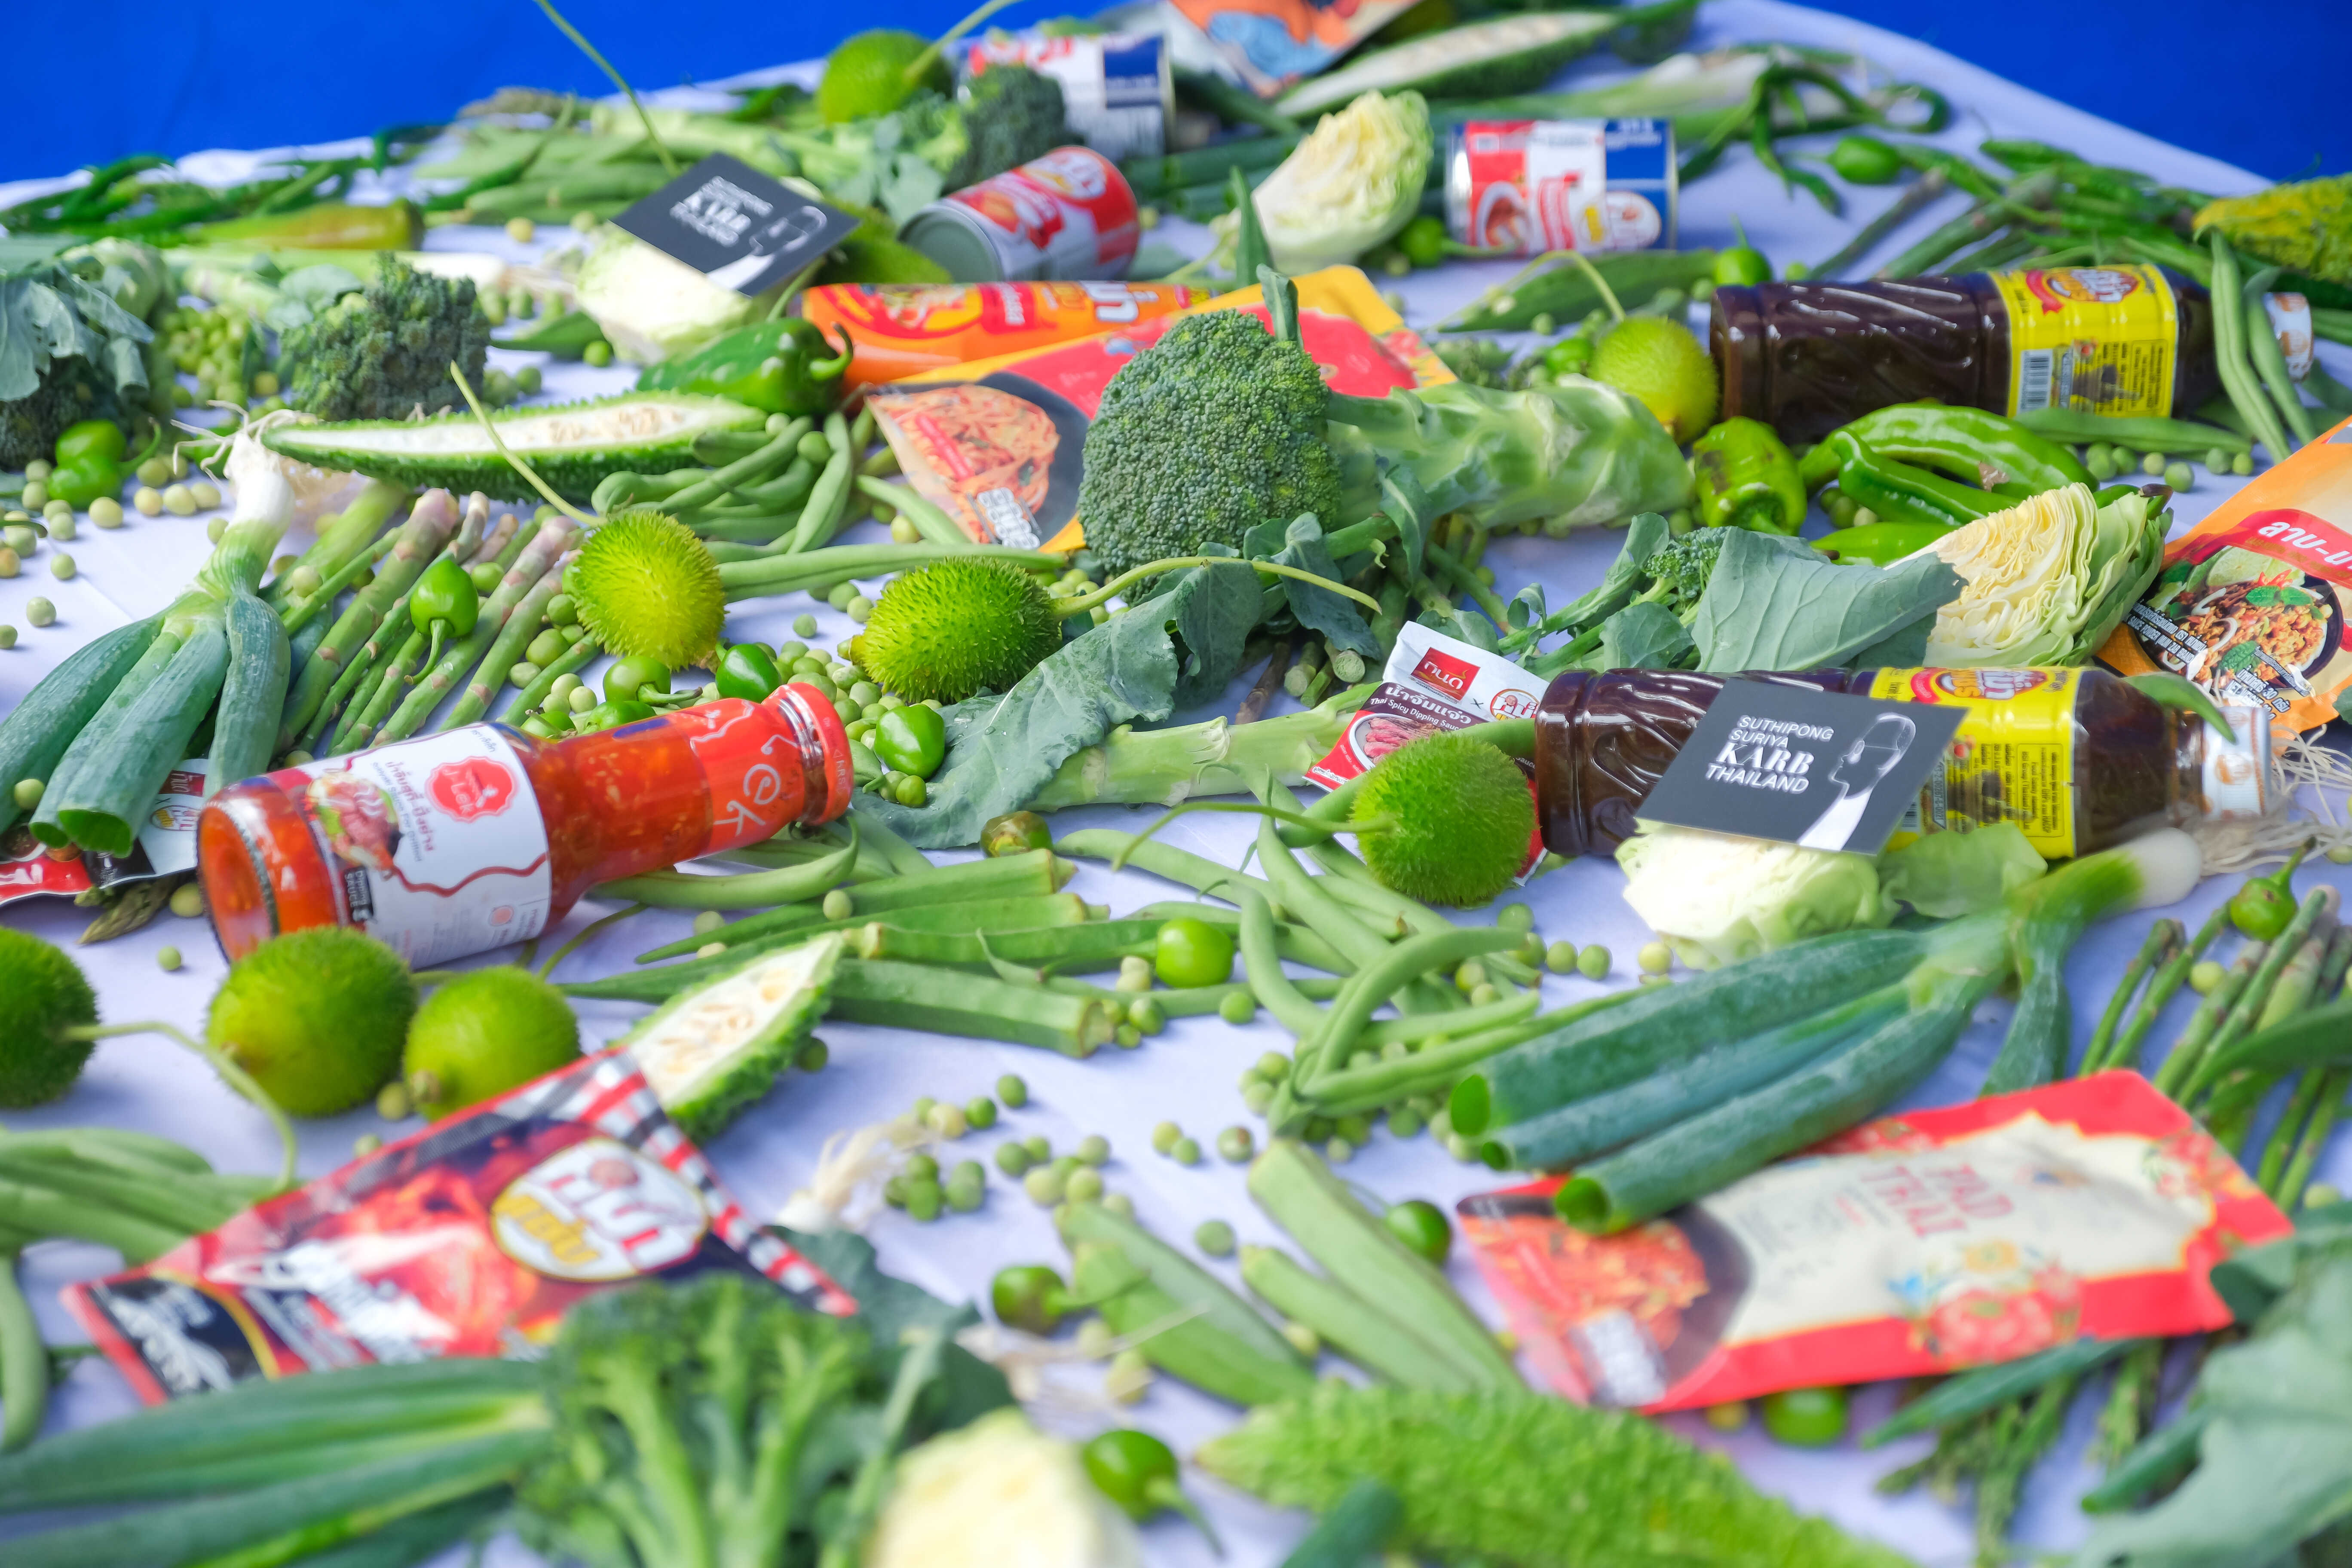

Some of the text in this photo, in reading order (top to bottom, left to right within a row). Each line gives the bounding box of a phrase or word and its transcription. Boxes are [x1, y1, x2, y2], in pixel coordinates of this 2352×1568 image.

[1385, 684, 1472, 724] น้ำจิ้มแจ่ว
[1388, 699, 1409, 714] Spicy
[1410, 708, 1439, 725] Dipping
[1730, 729, 1789, 749] SURIYA
[1738, 716, 1834, 741] SUTHIPONG
[1716, 742, 1815, 775] KARB
[1706, 764, 1810, 793] THAILAND
——
Exercise: When you print the entries, keep every line exactly as it is and drop the pictures.

Solution to this task:
Some of the text in this photo, in reading order (top to bottom, left to right within a row). Each line gives the bounding box of a phrase or word and its transcription. Boxes are [x1, y1, x2, y2], in pixel coordinates of this 2352×1568 image.

[1385, 684, 1472, 724] น้ำจิ้มแจ่ว
[1388, 699, 1409, 714] Spicy
[1410, 708, 1439, 725] Dipping
[1730, 729, 1789, 749] SURIYA
[1738, 716, 1834, 741] SUTHIPONG
[1716, 742, 1815, 775] KARB
[1706, 764, 1810, 793] THAILAND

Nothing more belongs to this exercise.